Komende dagen beraadt de NAVO zich in Praag over zijn toekomst.Op het programma staat de uitbreiding van het bondgenootschap met zeven nieuwe leden in Oost-Europa. Het wordt geen vrolijke bijeenkomst.

            De NAVO werd in 1949 het leven geroepen als een maatschappij van onderlinge waarborg tegen een Sovjetrussische aanval op West-Europa. Met de desintegratie van de Sovjet-Unie in 1991 verviel het oorspronkelijke bestaansrecht van het bondgenootschap. Het militaire vermogen van het nieuwe Rusland zakte als een mislukte soufflé in elkaar en met een bruto nationaal product niet veel groter dan dat van België vormt Moskou niet meer een serieuze militaire bedreiging van  Oost-Europa  – waaraan het sinds de onafhankelijkheid van Wit-Rusland en Oekraïne nauwelijks meer grenst.
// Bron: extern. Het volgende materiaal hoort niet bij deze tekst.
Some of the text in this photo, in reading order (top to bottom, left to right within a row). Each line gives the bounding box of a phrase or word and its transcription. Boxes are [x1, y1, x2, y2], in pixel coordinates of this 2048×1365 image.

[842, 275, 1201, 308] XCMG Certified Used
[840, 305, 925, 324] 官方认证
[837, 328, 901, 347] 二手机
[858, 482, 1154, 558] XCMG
            Helemaal aan het begin vatte de toenmalige secretaris-generaal van de NAVO, Lord Ismay, de  eigenlijke doelstellingen van het nieuwe bondgenootschap kordaat samen. De NAVO was er ‘to keep the Russians out, to keep the Americans in, and to keep the Germans under’. Dat is verleden tijd. De Russen zijn geen bedreiging meer, Duitsland is de grootste democratie van Europa, en de transatlantische binding van Europa met de Verenigde Staten heeft zijn noodzakelijk karakter verloren..
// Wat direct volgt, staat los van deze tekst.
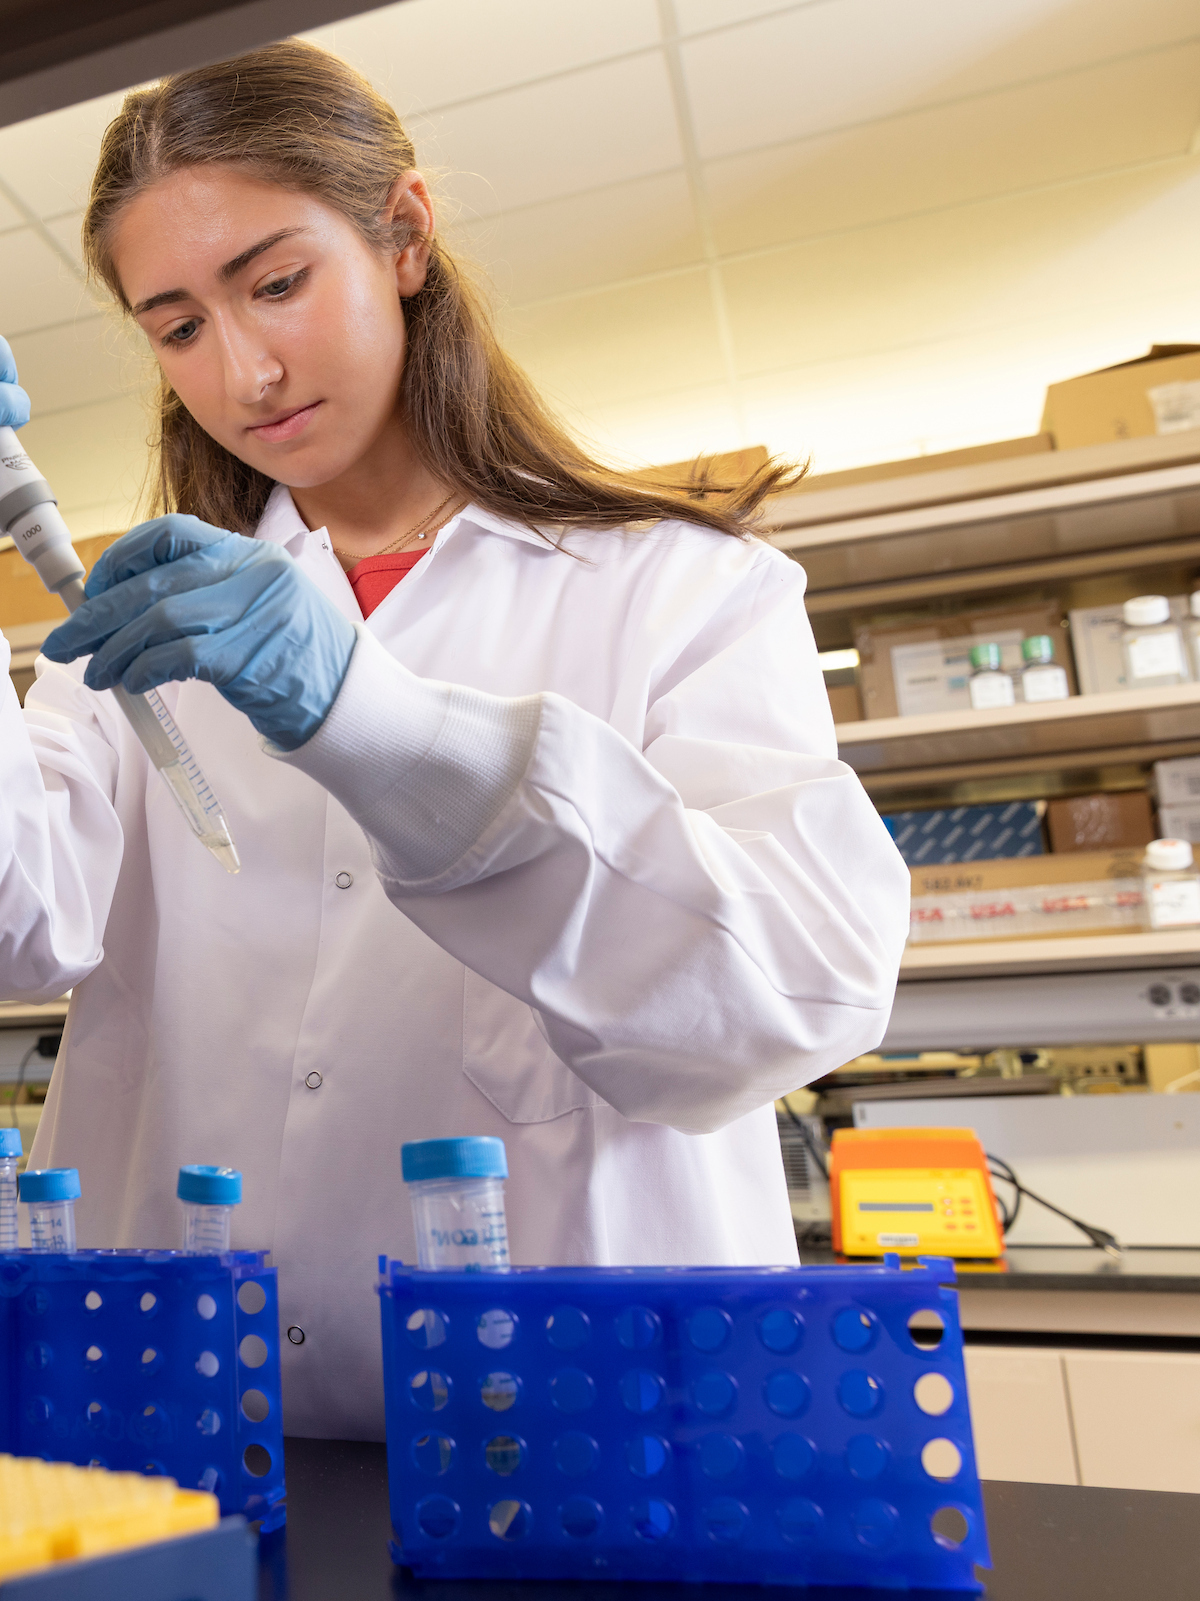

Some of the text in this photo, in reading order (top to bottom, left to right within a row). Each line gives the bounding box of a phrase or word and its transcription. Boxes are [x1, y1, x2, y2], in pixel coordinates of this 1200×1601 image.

[22, 524, 42, 541] 1000
[970, 902, 1015, 918] USA
[51, 1218, 62, 1228] 14
            Na de Koude Oorlog kreeg de NAVO nieuw leven ingeblazen, nu als een geïntegreerde internationale militaire organisatie, geschikt voor vredesoperaties al dan niet in het kader van de Verenigde Naties. ‘Crisisbeheersing’ werd het sleutelwoord. Maar in de militaire operaties boven Kosovo traden politieke en militaire tegenstellingen tussen de VS en Europese lidstaten aan het licht. De politieke besluitvorming die zich uitstrekte tot de keuze van bombardementsdoelen verliep moeizaam. In militair opzicht bleken de Europese bondgenoten technologisch achter te lopen. De Koninklijke Luchtmacht kon met één operationeel squadron een disproportionele grote rol spelen, dankzij het feit dat zijn gemoderniseerde F-16s op het niveau van US Airforce mee konden doen.
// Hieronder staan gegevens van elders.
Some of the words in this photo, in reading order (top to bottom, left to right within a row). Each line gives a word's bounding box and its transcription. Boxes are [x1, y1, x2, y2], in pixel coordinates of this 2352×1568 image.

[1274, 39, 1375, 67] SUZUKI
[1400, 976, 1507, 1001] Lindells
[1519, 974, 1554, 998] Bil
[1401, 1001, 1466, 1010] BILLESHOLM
            11 september 2001 dreef de onderliggende spanningen op de spits. De NAVO-Raad  beriep zich voor het eerst op artikel 5 van het NAVO-verdrag, dat een aanval op één lidstaat proclameert tot een aanval op alle andere. Het verdrag werd toen te ver opgerekt – het ging hier immers niet om agressie van een staat, maar om misdaden van een terroristische organisatie.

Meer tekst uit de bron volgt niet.